Nonviral plasmid DNA is delivered to the brain via a transvascular route across the blood-brain barrier (BBB) following intravenous administration of DNA encapsulated within Trojan horse liposomes (THLs), also called PEGylated immunoliposomes (PILs). The liposome surface is covered with several thousand strands of polymer (e.g., polyethylene glycol [PEG]), and the tips of 1%-2% of the polymer strands are conjugated with a targeting monoclonal antibody that acts as a molecular Trojan horse (MTH). The MTH binds to a receptor (e.g., for transferrin or insulin) on the BBB and brain cell membrane, triggering receptor-mediated transcytosis of the THL across the BBB in vivo, and receptor-mediated endocytosis into brain cells beyond the BBB. The persistence of transgene expression in the brain is inversely related to the rate of degradation of the episomal plasmid DNA. THL technology enables an exogenous gene to be widely expressed in the majority of cells in adult brain (or other organs) within 1 d of a single intravenous administration.
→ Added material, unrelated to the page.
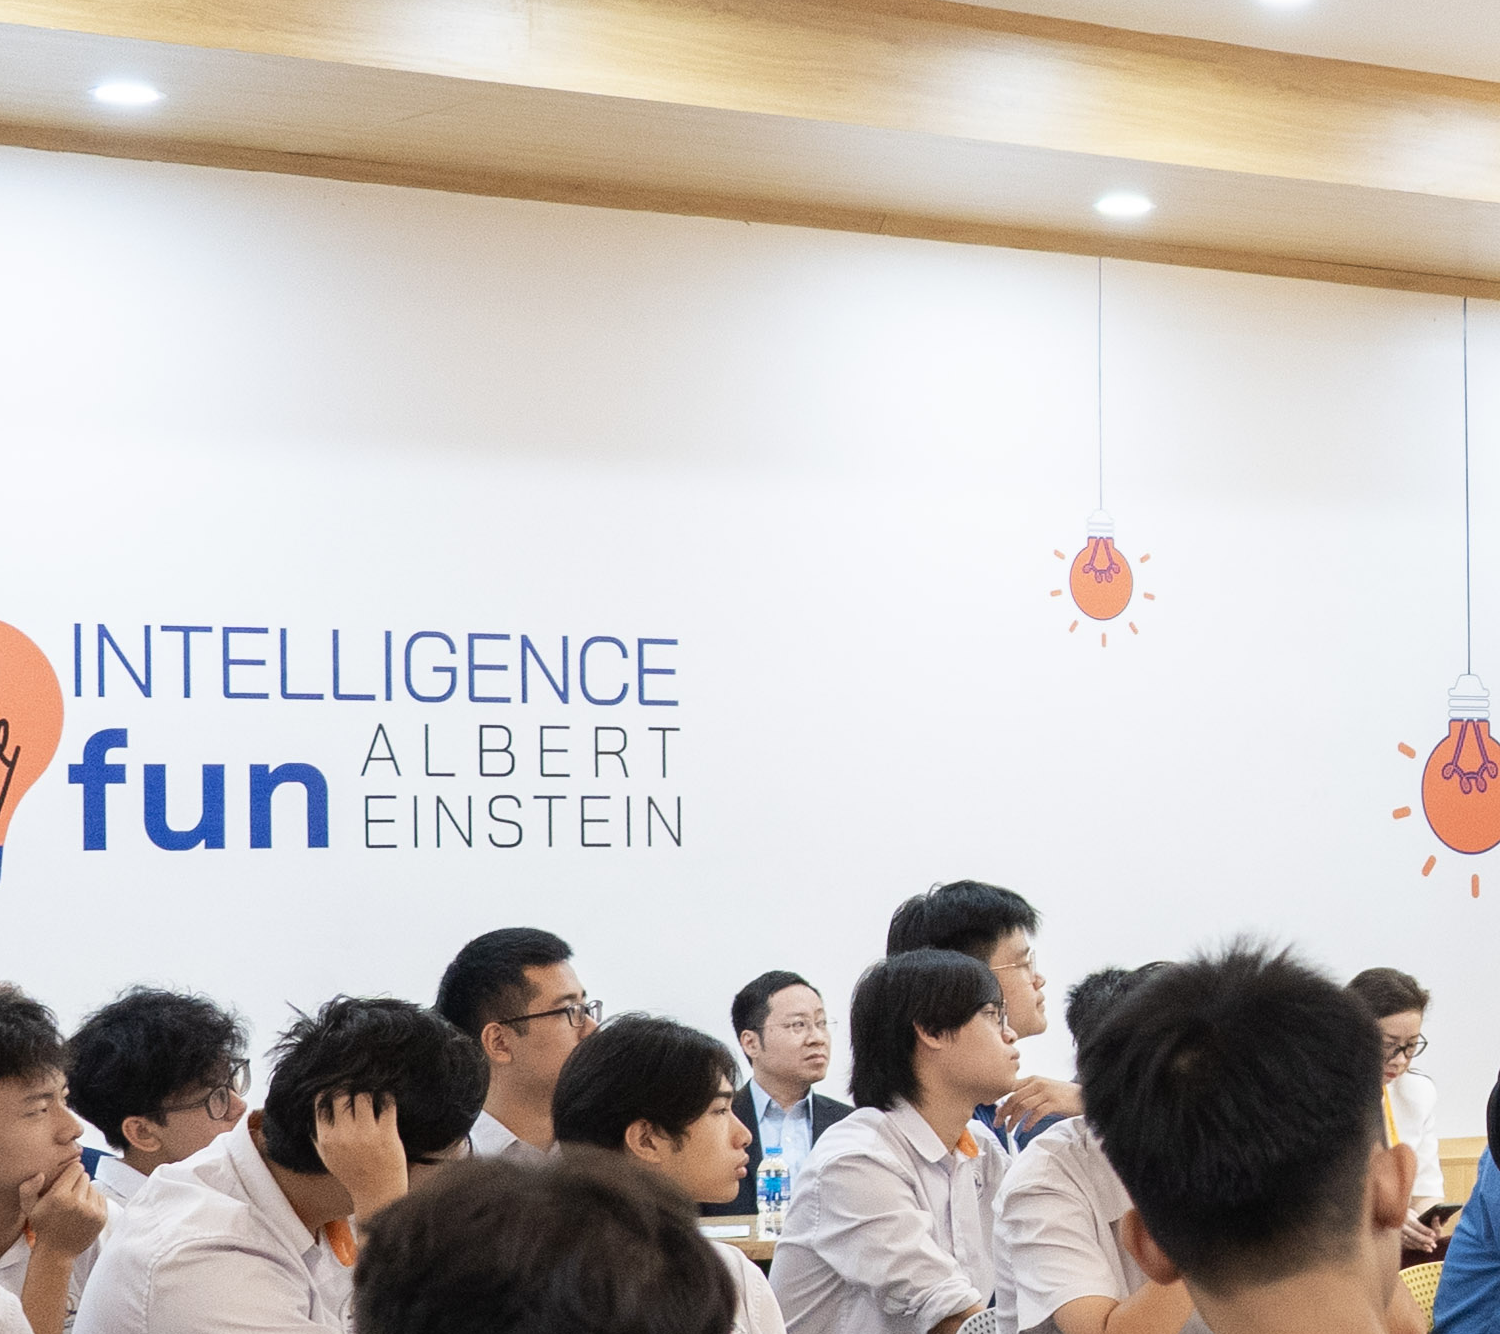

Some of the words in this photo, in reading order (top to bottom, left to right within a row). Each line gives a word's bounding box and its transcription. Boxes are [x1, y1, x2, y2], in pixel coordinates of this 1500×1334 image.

Applications of the THLs include tissue-specific gene expression with tissue-specific promoters, complete normalization of striatal tyrosine hydroxylase in experimental Parkinson's disease following intravenous tyrosine hydroxylase gene therapy, a 100% increase in survival time of mice with brain tumors following weekly intravenous antisense gene therapy using THLs, and a 90% increase in survival time with weekly intravenous RNA interference (RNAi) gene therapy in mice with intracranial brain tumors. This protocol describes the preparation of THLs for use in gene transfer in vitro or in vivo.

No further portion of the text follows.